Haines and Stringer met by coincidence in 2001 at an international superannuation lawyers’ conference.
“I’ve got to know her better than any of my other competitors and it’s a warm relationship so I’m excited to be working with someone who I’ve known for a long time,” said Stinger, who was also drawn to Landers by the type of advisory work on offer.
“I think that with the trend of bigger firms going global there will be a bit of a shifting in the marketplace about different work types going to different types of firms. It’s harder and harder for global firms like Ashurst to be doing work that is of an advisory nature; they will be doing large matters, they throw a lot of bodies onto them, and that tends to be transactions or litigation,” she said.
Small is beautiful
Stinger believes there is no longer “such a compelling case” for lawyers to go to a global firm and that, in Melbourne, there is a trend for “boutique financial services type practices”.
“It hasn’t happened so much in Sydney but I think this might be the start of a movement in that direction,” she said.

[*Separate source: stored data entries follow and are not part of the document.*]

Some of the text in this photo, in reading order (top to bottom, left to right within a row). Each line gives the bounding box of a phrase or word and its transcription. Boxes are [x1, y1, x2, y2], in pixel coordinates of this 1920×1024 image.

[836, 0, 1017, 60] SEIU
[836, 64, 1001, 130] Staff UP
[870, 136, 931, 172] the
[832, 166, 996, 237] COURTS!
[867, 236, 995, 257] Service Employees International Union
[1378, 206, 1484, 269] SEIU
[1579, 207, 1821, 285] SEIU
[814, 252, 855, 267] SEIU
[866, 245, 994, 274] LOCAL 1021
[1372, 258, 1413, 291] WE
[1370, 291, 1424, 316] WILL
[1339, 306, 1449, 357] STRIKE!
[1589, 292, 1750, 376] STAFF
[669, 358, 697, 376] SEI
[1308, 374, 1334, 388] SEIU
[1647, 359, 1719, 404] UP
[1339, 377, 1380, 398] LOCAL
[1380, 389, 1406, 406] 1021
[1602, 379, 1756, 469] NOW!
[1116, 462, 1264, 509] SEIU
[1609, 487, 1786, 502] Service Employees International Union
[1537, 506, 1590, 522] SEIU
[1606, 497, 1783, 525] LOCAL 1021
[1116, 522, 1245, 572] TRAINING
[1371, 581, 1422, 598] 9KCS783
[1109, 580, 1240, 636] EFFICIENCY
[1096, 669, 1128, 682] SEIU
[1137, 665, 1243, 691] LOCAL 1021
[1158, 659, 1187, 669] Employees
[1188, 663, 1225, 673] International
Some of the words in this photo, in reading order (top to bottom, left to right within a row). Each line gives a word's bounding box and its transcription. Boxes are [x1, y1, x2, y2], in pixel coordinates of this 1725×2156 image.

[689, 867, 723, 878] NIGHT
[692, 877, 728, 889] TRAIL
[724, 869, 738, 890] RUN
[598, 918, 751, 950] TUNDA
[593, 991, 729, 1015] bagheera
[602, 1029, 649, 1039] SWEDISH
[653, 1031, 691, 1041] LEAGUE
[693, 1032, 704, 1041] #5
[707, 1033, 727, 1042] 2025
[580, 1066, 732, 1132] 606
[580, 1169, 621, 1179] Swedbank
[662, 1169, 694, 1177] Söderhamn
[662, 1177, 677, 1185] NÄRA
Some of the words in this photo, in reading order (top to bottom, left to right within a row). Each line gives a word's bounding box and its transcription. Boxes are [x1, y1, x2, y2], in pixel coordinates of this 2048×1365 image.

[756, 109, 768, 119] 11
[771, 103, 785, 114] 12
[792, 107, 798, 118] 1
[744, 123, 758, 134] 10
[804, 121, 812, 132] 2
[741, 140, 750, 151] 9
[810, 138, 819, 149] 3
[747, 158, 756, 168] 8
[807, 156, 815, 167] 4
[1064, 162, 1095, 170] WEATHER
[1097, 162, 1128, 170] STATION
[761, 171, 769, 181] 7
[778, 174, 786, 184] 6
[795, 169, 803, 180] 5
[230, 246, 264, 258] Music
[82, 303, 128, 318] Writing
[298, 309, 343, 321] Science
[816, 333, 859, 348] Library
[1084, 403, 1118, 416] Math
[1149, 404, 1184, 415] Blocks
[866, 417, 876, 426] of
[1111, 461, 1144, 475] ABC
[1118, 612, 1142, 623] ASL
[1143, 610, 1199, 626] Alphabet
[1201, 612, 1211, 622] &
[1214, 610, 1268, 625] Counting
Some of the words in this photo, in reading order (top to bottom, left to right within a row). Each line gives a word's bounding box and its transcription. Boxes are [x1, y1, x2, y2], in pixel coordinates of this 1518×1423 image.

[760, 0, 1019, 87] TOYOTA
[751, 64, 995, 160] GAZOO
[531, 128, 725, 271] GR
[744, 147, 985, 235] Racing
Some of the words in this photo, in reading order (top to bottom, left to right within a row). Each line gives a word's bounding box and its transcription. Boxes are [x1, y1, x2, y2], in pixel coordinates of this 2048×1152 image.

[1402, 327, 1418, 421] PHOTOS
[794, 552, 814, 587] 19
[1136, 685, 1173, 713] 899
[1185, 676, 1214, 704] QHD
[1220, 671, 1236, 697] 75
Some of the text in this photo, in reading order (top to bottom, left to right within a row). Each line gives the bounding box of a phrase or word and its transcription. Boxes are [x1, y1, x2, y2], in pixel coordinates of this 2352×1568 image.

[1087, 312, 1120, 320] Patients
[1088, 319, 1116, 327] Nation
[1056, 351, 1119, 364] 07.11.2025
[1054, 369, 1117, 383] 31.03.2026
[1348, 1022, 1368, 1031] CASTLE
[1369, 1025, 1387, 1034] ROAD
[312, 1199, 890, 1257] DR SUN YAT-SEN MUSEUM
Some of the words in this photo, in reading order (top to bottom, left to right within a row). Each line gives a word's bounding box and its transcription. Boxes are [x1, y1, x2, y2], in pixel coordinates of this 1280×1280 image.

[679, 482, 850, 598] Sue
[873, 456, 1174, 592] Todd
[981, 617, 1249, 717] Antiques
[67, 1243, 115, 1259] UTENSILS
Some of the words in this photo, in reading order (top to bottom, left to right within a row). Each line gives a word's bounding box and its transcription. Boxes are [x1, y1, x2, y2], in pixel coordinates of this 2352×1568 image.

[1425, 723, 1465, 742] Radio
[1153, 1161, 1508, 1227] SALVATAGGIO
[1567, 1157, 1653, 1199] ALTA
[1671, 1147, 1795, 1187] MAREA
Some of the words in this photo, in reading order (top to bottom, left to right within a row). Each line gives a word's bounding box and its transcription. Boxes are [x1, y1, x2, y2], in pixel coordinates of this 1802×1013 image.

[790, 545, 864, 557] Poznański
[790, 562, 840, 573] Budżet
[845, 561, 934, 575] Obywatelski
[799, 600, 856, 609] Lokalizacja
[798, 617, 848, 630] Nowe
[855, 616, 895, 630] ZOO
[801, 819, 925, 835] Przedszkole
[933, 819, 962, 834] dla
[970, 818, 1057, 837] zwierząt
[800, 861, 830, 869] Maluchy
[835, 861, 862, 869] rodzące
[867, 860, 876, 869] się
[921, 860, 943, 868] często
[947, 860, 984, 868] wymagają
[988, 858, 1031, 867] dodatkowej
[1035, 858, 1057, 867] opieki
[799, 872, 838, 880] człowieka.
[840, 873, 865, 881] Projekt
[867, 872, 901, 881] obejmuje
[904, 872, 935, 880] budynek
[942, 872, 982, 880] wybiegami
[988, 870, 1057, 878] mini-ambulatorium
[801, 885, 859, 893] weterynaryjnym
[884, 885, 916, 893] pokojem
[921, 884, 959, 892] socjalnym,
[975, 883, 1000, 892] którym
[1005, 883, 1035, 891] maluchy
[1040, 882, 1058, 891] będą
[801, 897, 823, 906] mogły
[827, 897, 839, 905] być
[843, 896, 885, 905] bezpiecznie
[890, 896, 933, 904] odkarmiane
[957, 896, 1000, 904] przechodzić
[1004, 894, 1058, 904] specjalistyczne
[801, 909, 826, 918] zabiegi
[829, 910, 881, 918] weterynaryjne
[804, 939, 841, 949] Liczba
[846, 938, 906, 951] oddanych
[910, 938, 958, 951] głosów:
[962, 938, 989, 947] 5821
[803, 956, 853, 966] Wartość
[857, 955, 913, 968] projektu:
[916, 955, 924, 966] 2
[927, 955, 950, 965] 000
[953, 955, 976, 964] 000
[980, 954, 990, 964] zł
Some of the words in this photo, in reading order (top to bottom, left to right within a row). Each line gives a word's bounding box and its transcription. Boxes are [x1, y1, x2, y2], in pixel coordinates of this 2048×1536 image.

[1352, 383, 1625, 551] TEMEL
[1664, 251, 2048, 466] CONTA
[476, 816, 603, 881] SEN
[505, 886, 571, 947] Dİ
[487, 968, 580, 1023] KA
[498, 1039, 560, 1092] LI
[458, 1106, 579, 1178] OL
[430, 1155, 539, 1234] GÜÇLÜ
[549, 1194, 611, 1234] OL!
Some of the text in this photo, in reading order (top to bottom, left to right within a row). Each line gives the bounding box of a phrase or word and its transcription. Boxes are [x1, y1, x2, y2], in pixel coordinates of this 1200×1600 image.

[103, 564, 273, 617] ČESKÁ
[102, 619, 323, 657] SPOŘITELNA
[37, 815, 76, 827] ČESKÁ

Stinger will join Lander & Rogers' Sydney office on 28 May as a partner with over 20 years experience in financial services law.
Prior to her role at Ashurst she spent 11 years at Minter Ellison where she established its superannuation practice and was a founding member of the firm’s funds management practice.
“She has also had invaluable in-house general counsel experience, which flows into the way that Ruth engages with her clients,” said Gullifer.
Stringer told Lawyers Weekly she “much prefers” the advisory side of law and that when she works in a law firm she likes to “be like an extension to the general counsel”.
“That way I’m not restricted to certain types of work, I can kind of [handle] whatever question, small or big … I think that will be easier in a smaller firm because there won’t be such a need to put large teams onto every matter,” she said.
Landers’ chief executive partner, Andrew Willder, said Stingers appointment was an exciting step in the development of the firm’s corporate advisory practice in Sydney.
Stringer is known in the super industry for her recent work in developing innovative annuity products, designed to address longevity risk, as well as her expertise in governance work.